(WHAT TO DO) The full set of entries below, restated word for word and stripped of images, is the expected result.

(RECORDS SUPPLIED)
______________________________

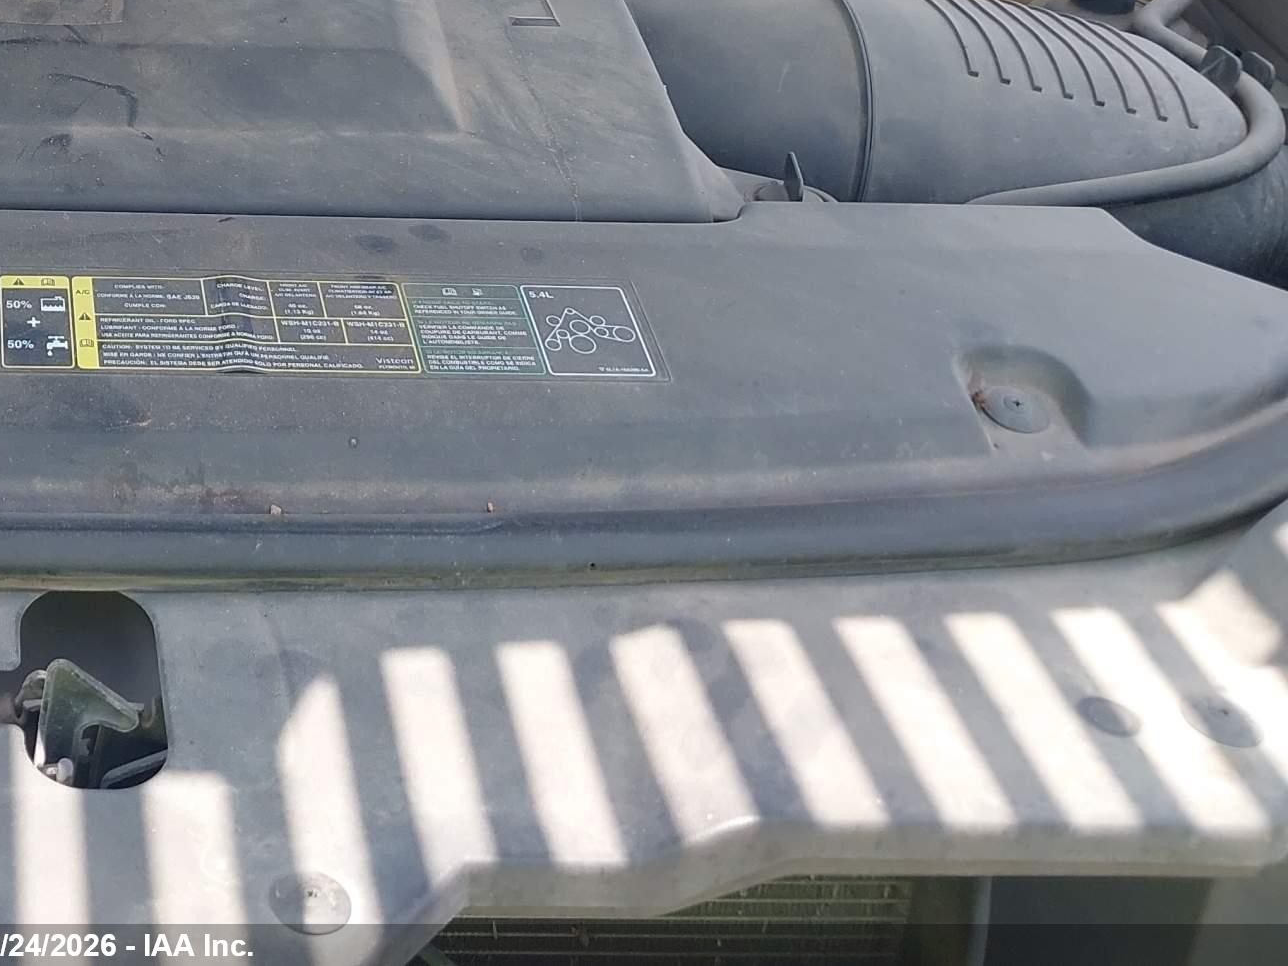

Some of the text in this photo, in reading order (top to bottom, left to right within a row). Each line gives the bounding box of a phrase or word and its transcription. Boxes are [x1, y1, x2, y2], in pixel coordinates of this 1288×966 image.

[528, 290, 554, 299] 5.4L
[6, 299, 32, 309] 50%
[7, 340, 34, 349] 50%
[221, 358, 253, 366] ATENDIDO

______________________________

(RESPONSE AREA)
Some of the text in this photo, in reading order (top to bottom, left to right within a row). Each line gives the bounding box of a phrase or word and its transcription. Boxes are [x1, y1, x2, y2], in pixel coordinates of this 1288×966 image.

[528, 290, 554, 299] 5.4L
[6, 299, 32, 309] 50%
[7, 340, 34, 349] 50%
[221, 358, 253, 366] ATENDIDO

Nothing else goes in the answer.